The majority of FTD cases are sporadic, but about 40%of patients have a positive family history of dementia (Rosso et al. 2003). Numerous mutations in the tau gene on chromosome 17 have been identified and account for 10–40% of familial FTD. These cases are defined as frontotemporal dementia and parkinsonism linked to chromosome 17 (FTDP–17; Foster et al., 1997) and are invariably characterised by tau-positive pathology. Recently, mutations in the progranulin (PRGN) gene on chromosome 17 have been reported in several FTD kindreds (Baker et al., 2006; Cruts et al., 2006). Progranulin mutations account for about 26% of familial FTD in the Belgian population (Cruts et al., 2006) and are associated with ubiquitinpositive tau-negative pathology (Baker et al., 2006; Cruts et al., 2006). Genetic analyses of other cases of hereditary FTD uncovered significant linkage to loci on different chromosomes, but the causative genes have not yet been identified.

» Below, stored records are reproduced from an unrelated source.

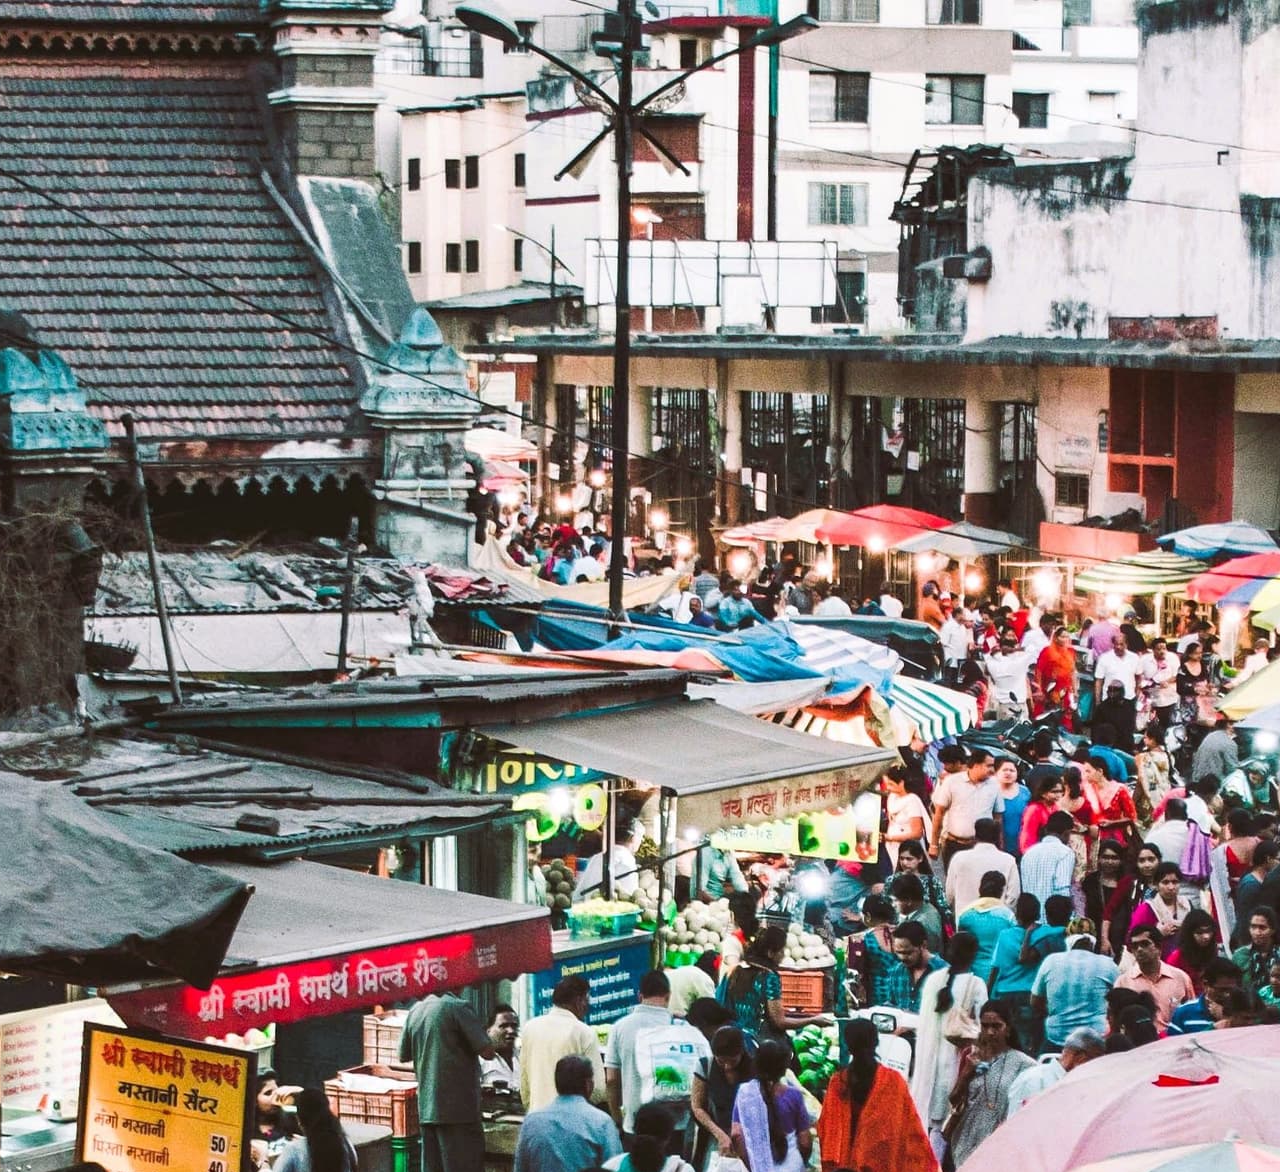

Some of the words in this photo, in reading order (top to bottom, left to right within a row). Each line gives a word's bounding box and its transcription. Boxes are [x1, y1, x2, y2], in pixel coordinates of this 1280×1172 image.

[198, 986, 224, 1022] श्री
[231, 973, 291, 1016] स्वामी
[298, 961, 350, 1005] समर्थ
[355, 958, 410, 997] मिल्क
[411, 947, 449, 985] शेक
[101, 1038, 127, 1068] श्री
[131, 1048, 187, 1079] स्वामी
[190, 1058, 242, 1089] समर्थ
[118, 1081, 179, 1108] मस्तानी
[183, 1087, 220, 1115] सेंटर
[122, 1118, 166, 1139] मस्तानी
[126, 1146, 170, 1167] मस्तानी
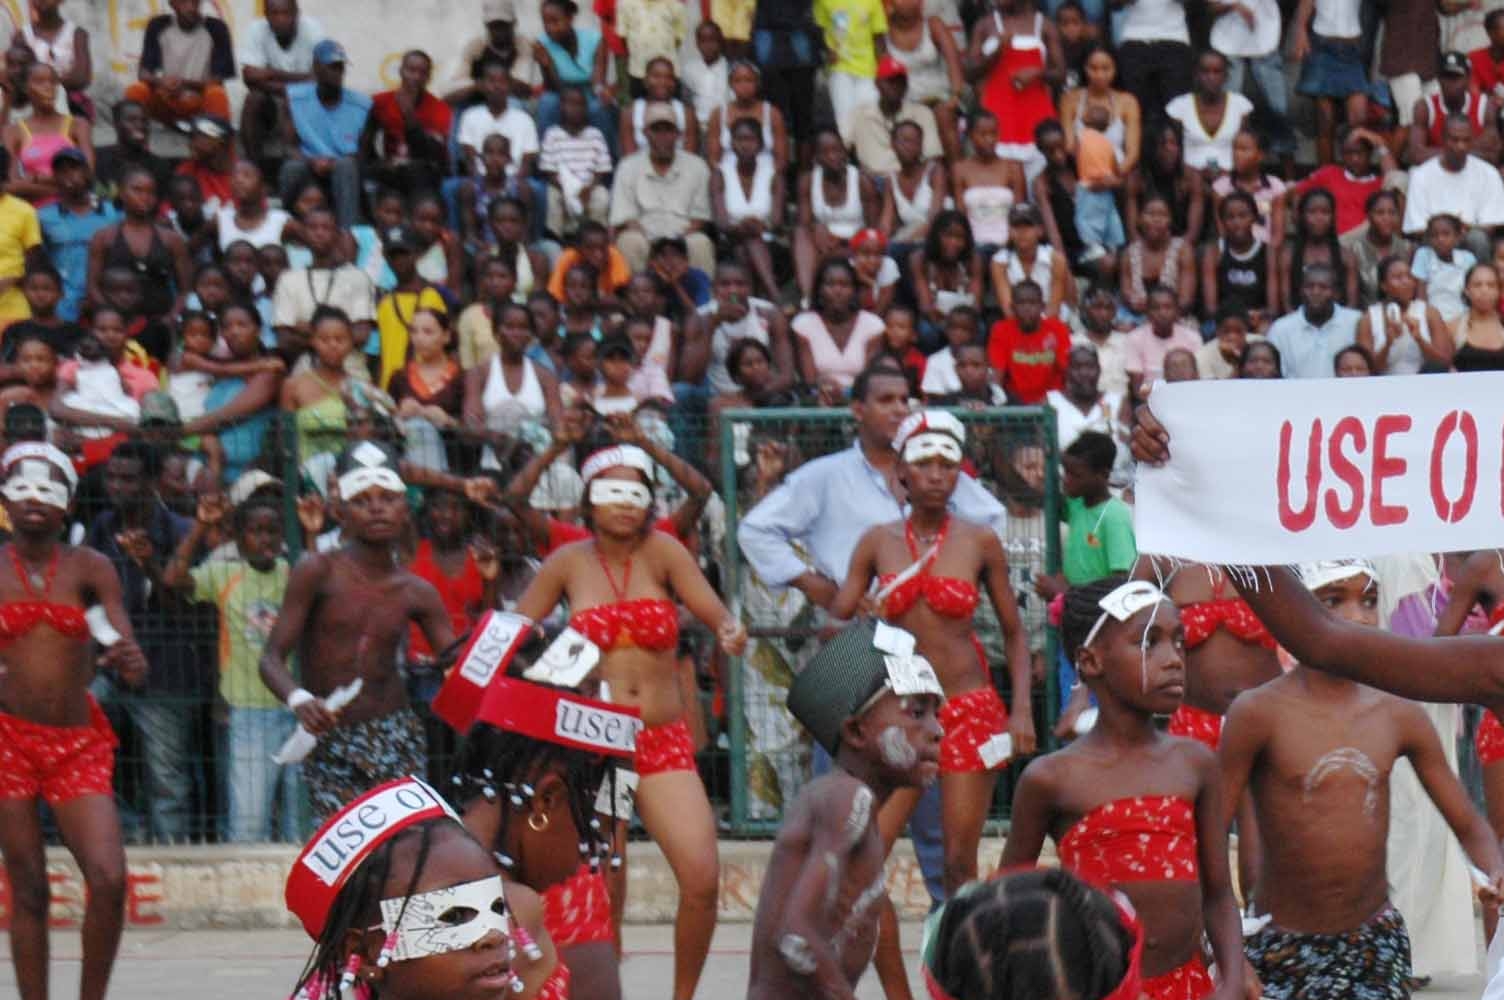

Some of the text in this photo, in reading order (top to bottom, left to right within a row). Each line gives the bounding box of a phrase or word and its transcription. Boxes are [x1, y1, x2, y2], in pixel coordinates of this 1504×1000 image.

[1277, 414, 1412, 532] USE
[1430, 410, 1479, 523] O
[465, 626, 511, 677] use
[560, 704, 622, 744] use
[311, 804, 387, 871] use
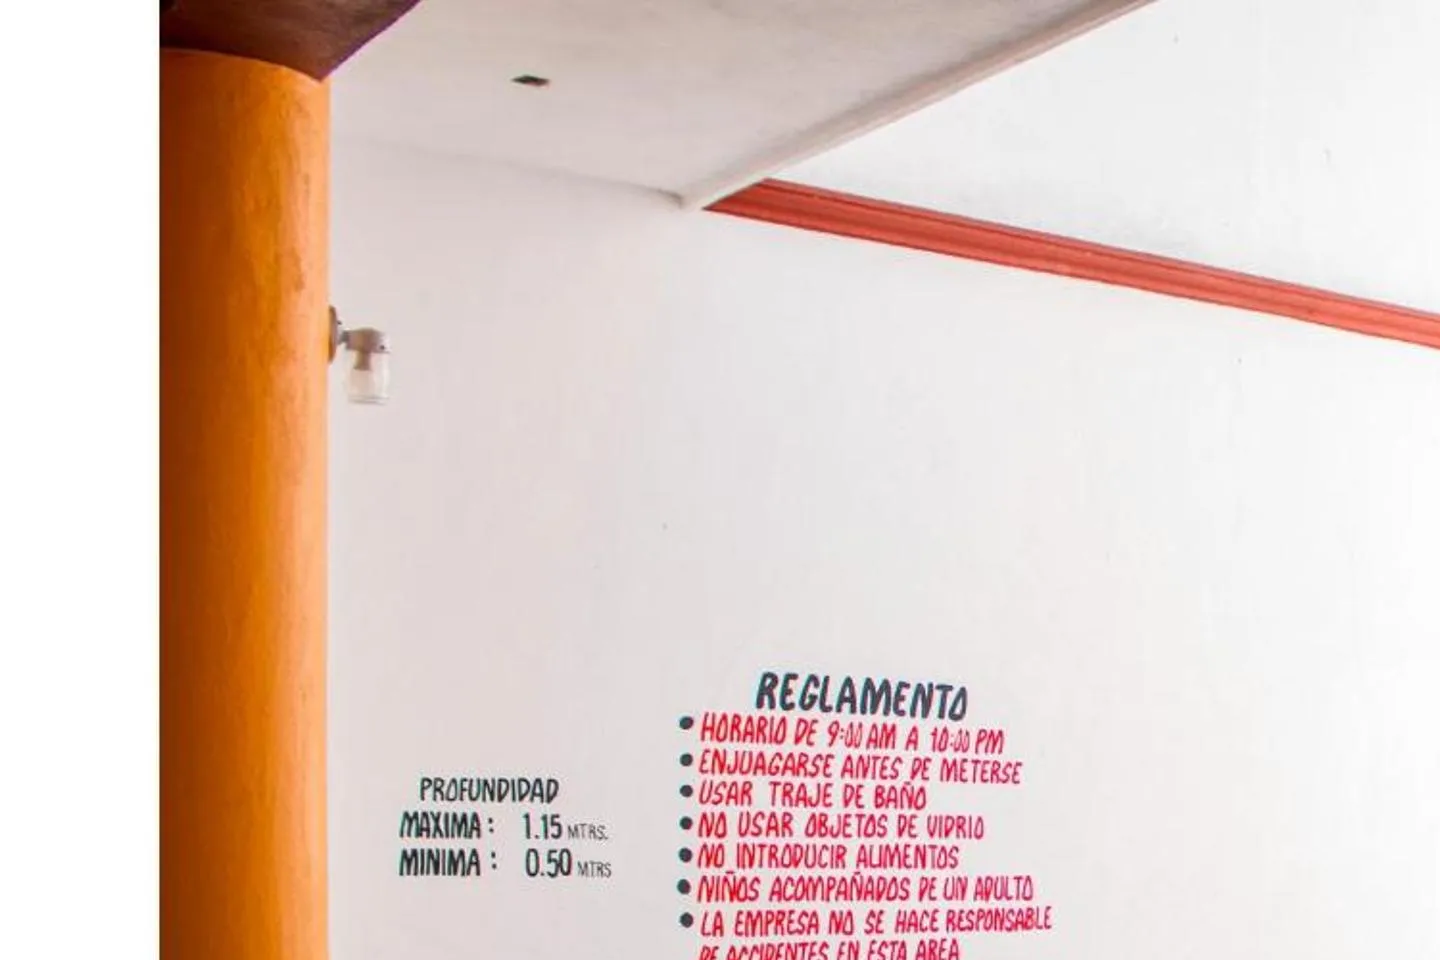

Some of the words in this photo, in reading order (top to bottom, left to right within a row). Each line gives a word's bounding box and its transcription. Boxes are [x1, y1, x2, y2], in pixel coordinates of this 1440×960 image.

[755, 672, 968, 721] REGLAMENTO
[700, 712, 787, 744] HORARIO
[795, 718, 819, 746] DE
[827, 721, 861, 748] 9:00
[866, 724, 896, 750] AM
[905, 725, 919, 751] A
[930, 727, 970, 753] 10:00
[974, 729, 1005, 754] PM
[699, 749, 835, 779] ENJUAGARSE
[841, 755, 899, 780] ANTES
[910, 758, 930, 782] DE
[940, 758, 1023, 785] METERSE
[420, 777, 559, 803] PROFUNDIDAD
[699, 781, 753, 806] USAR
[769, 782, 833, 808] TRAJE
[842, 784, 865, 808] DE
[874, 782, 926, 811] BAÑO
[522, 813, 562, 840] 1.15
[698, 811, 727, 838] NO
[738, 811, 793, 838] USAR
[805, 812, 888, 839] OBJETOS
[898, 814, 918, 839] DE
[927, 815, 984, 840] VIDRIO
[525, 848, 572, 878] 0.50
[697, 844, 724, 869] NO
[737, 844, 847, 869] INTRODUCIR
[856, 845, 959, 870] ALIMENTOS
[697, 870, 760, 903] NIÑOS
[769, 872, 910, 902] ACOMPAÑADOS
[919, 876, 938, 902] DE
[944, 876, 968, 901] UN
[974, 875, 1033, 901] ADULTO
[700, 911, 724, 937] LA
[735, 910, 819, 936] EMPRESA
[829, 910, 854, 935] NO
[864, 910, 885, 934] SE
[895, 909, 940, 934] HACE
[946, 906, 1052, 932] RESPONSABLE

While a vast literature is available on the pathology and primary pathogenic mechanisms of FTDP-17, little is known about other hereditary and sporadic FTLD cases. Therefore, the main part of this chapter will cover FTDP-17 molecular pathology and mechanisms. After a brief overview on the biology of tau protein, we will present the different types of mutations reported in the tau gene and their primary molecular mechanisms in relation to the type of fibrillar deposits they are associated with. We will discuss how knowledge gained on genetic cases of FTDP-17 highlights basic neurodegenerative mechanisms that could also apply to sporadic FTLD.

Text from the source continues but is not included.